> _Task prompt_
Beginning with the first entry, restate the data word for word and leave out the images.

▼

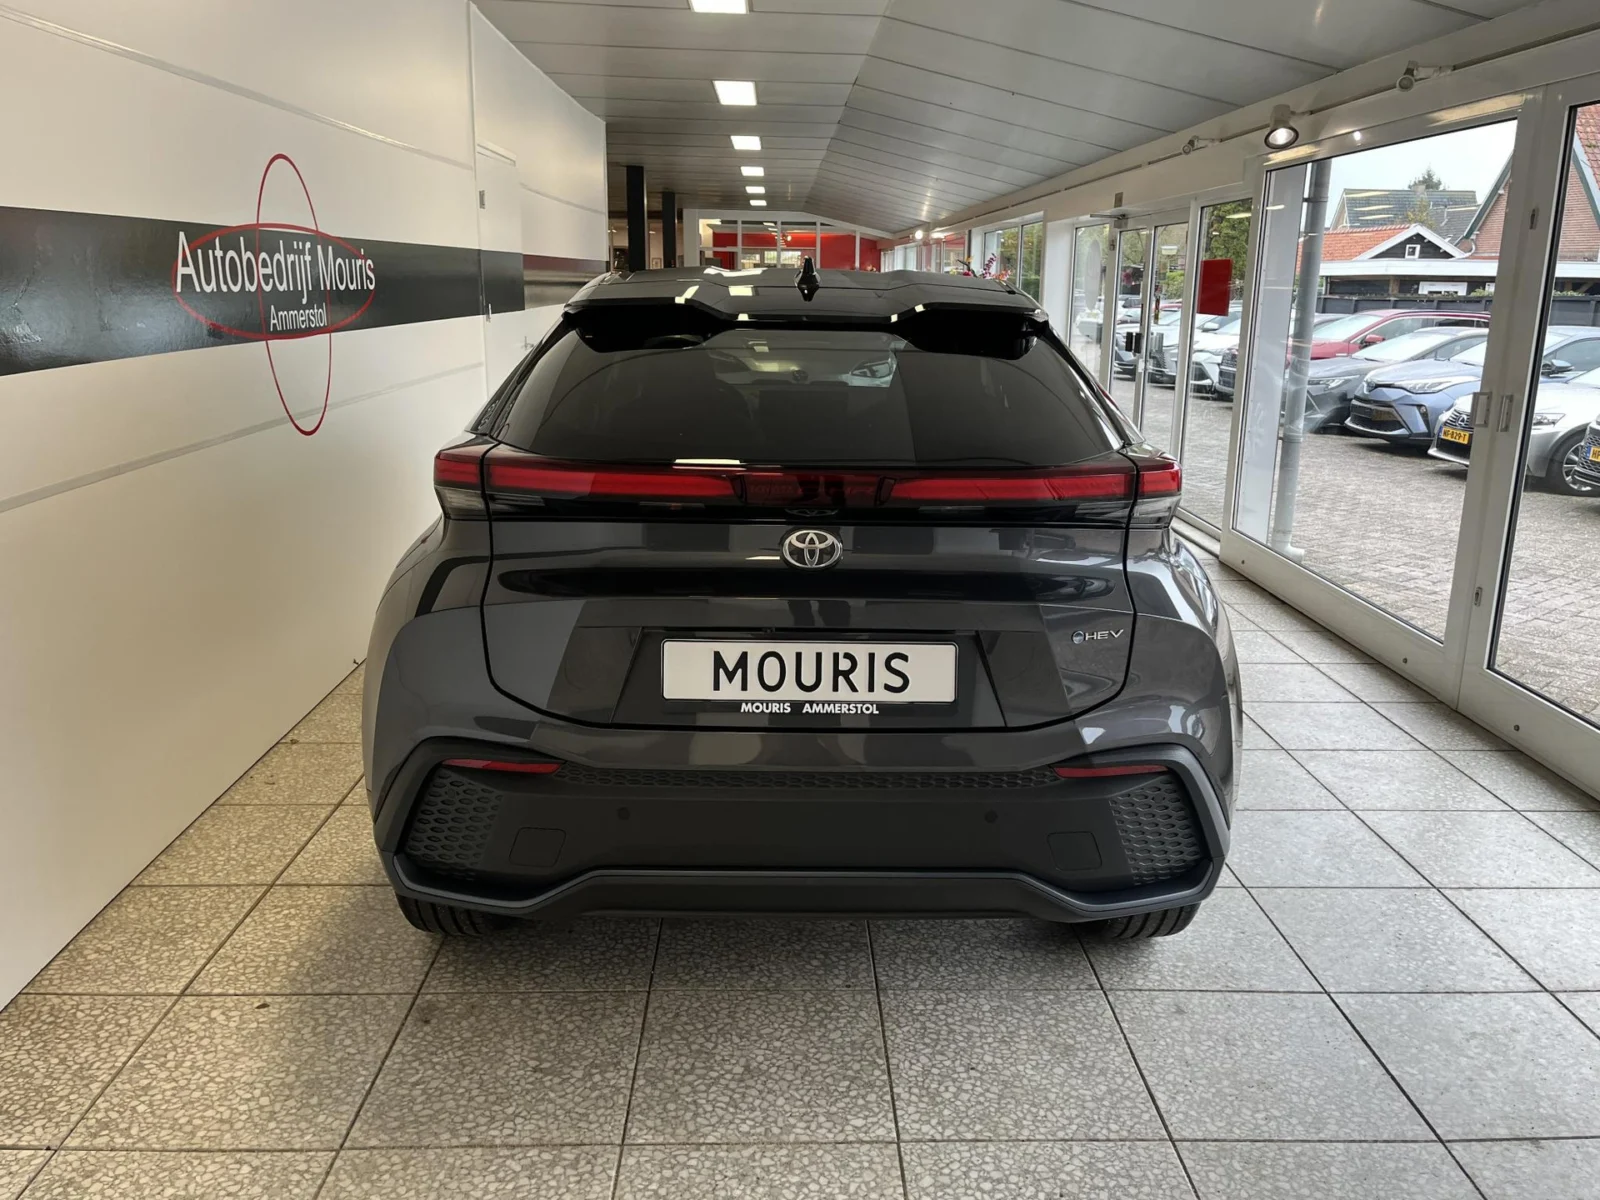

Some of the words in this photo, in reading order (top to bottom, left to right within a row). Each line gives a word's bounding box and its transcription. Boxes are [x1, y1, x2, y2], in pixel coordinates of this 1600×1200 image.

[176, 231, 312, 304] Autobedrijf
[317, 244, 376, 291] Mouris
[270, 302, 328, 332] Ammerstol
[1085, 629, 1124, 641] HEV
[712, 650, 910, 694] MOURIS
[740, 702, 791, 714] MOURIS
[802, 703, 879, 715] AMMERSTOL
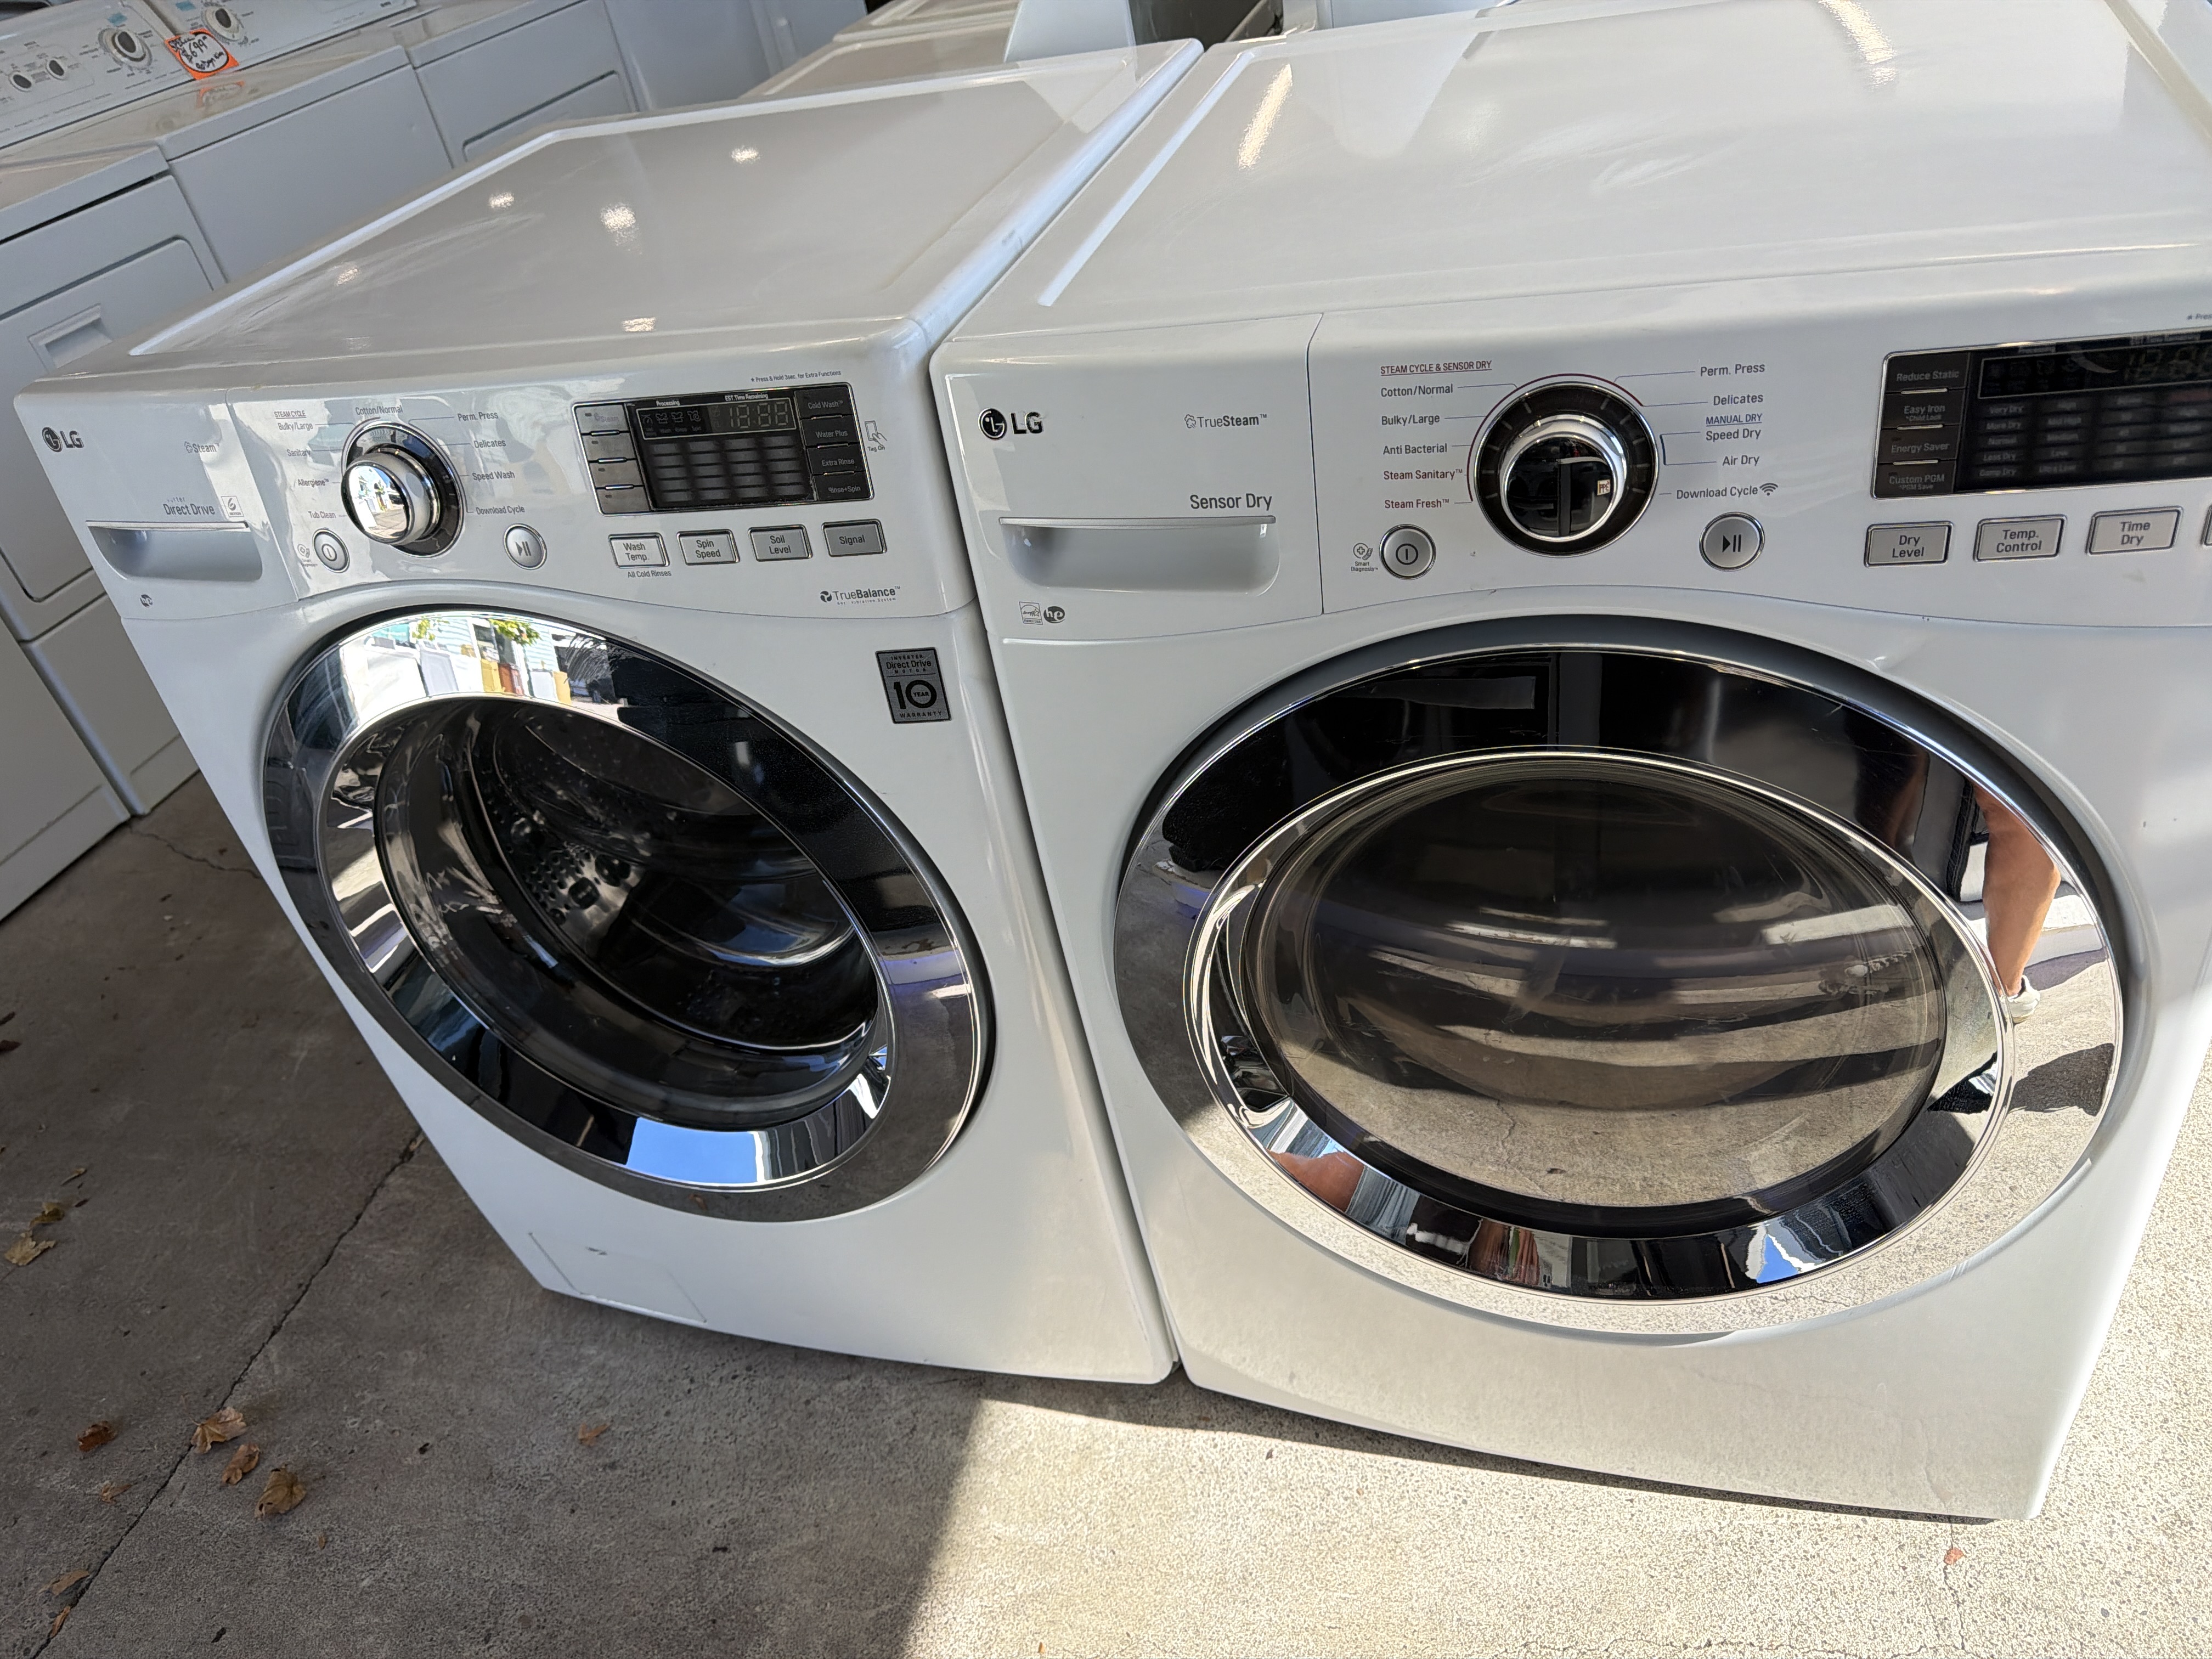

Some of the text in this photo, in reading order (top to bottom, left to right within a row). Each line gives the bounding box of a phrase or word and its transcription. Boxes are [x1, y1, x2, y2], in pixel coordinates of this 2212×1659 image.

[1381, 365, 1407, 374] STEAM
[1409, 364, 1434, 373] CYCLE
[1443, 362, 1474, 371] SENSOR
[1476, 360, 1492, 369] DRY
[1700, 364, 1765, 376] Perm. Press
[1897, 370, 1959, 381] Reduce Static
[1381, 383, 1453, 397] Cotton/Normal
[1713, 393, 1763, 405] Delicates
[356, 405, 403, 415] Cotton/Normal
[1904, 406, 1925, 414] Easy
[1009, 411, 1043, 434] LG
[1381, 414, 1440, 426] Bulky/Large
[1706, 413, 1762, 425] MANUAL DRY
[278, 423, 313, 431] Bulky/Large
[60, 431, 84, 448] LG
[1706, 428, 1761, 442] Speed Dry
[474, 440, 506, 448] Delicates
[1383, 443, 1447, 455] Anti Bacterial
[287, 449, 311, 457] Sanitary
[1723, 455, 1759, 466] Air Dry
[472, 471, 515, 482] Speed Wash
[1384, 471, 1413, 480] Steam
[1889, 474, 1944, 484] Custom PGM
[1677, 486, 1758, 499] Download Cycle
[1190, 493, 1272, 511] Sensor Dry
[1385, 500, 1414, 508] Steam
[163, 503, 215, 515] Direct Drive
[476, 505, 524, 515] Download Cycle
[2120, 521, 2150, 532] Time
[770, 535, 785, 544] Soil
[839, 534, 865, 545] Signal
[2002, 528, 2039, 541] Temp.
[2121, 534, 2143, 546] Dry
[623, 542, 646, 551] Wash
[696, 539, 715, 549] Spin
[1899, 535, 1920, 547] Dry
[1996, 540, 2041, 553] Control
[695, 549, 721, 559] Speed
[769, 545, 791, 554] Level
[1892, 547, 1924, 558] Level
[625, 552, 650, 562] Temp.
[886, 661, 910, 669] Direct
[893, 680, 937, 709] 10

▲

> _Exercise response_
Some of the words in this photo, in reading order (top to bottom, left to right within a row). Each line gives a word's bounding box and its transcription. Boxes are [x1, y1, x2, y2], in pixel coordinates of this 1600×1200 image.

[176, 231, 312, 304] Autobedrijf
[317, 244, 376, 291] Mouris
[270, 302, 328, 332] Ammerstol
[1085, 629, 1124, 641] HEV
[712, 650, 910, 694] MOURIS
[740, 702, 791, 714] MOURIS
[802, 703, 879, 715] AMMERSTOL

Some of the text in this photo, in reading order (top to bottom, left to right within a row). Each line gives the bounding box of a phrase or word and its transcription. Boxes are [x1, y1, x2, y2], in pixel coordinates of this 2212×1659 image.

[1381, 365, 1407, 374] STEAM
[1409, 364, 1434, 373] CYCLE
[1443, 362, 1474, 371] SENSOR
[1476, 360, 1492, 369] DRY
[1700, 364, 1765, 376] Perm. Press
[1897, 370, 1959, 381] Reduce Static
[1381, 383, 1453, 397] Cotton/Normal
[1713, 393, 1763, 405] Delicates
[356, 405, 403, 415] Cotton/Normal
[1904, 406, 1925, 414] Easy
[1009, 411, 1043, 434] LG
[1381, 414, 1440, 426] Bulky/Large
[1706, 413, 1762, 425] MANUAL DRY
[278, 423, 313, 431] Bulky/Large
[60, 431, 84, 448] LG
[1706, 428, 1761, 442] Speed Dry
[474, 440, 506, 448] Delicates
[1383, 443, 1447, 455] Anti Bacterial
[287, 449, 311, 457] Sanitary
[1723, 455, 1759, 466] Air Dry
[472, 471, 515, 482] Speed Wash
[1384, 471, 1413, 480] Steam
[1889, 474, 1944, 484] Custom PGM
[1677, 486, 1758, 499] Download Cycle
[1190, 493, 1272, 511] Sensor Dry
[1385, 500, 1414, 508] Steam
[163, 503, 215, 515] Direct Drive
[476, 505, 524, 515] Download Cycle
[2120, 521, 2150, 532] Time
[770, 535, 785, 544] Soil
[839, 534, 865, 545] Signal
[2002, 528, 2039, 541] Temp.
[2121, 534, 2143, 546] Dry
[623, 542, 646, 551] Wash
[696, 539, 715, 549] Spin
[1899, 535, 1920, 547] Dry
[1996, 540, 2041, 553] Control
[695, 549, 721, 559] Speed
[769, 545, 791, 554] Level
[1892, 547, 1924, 558] Level
[625, 552, 650, 562] Temp.
[886, 661, 910, 669] Direct
[893, 680, 937, 709] 10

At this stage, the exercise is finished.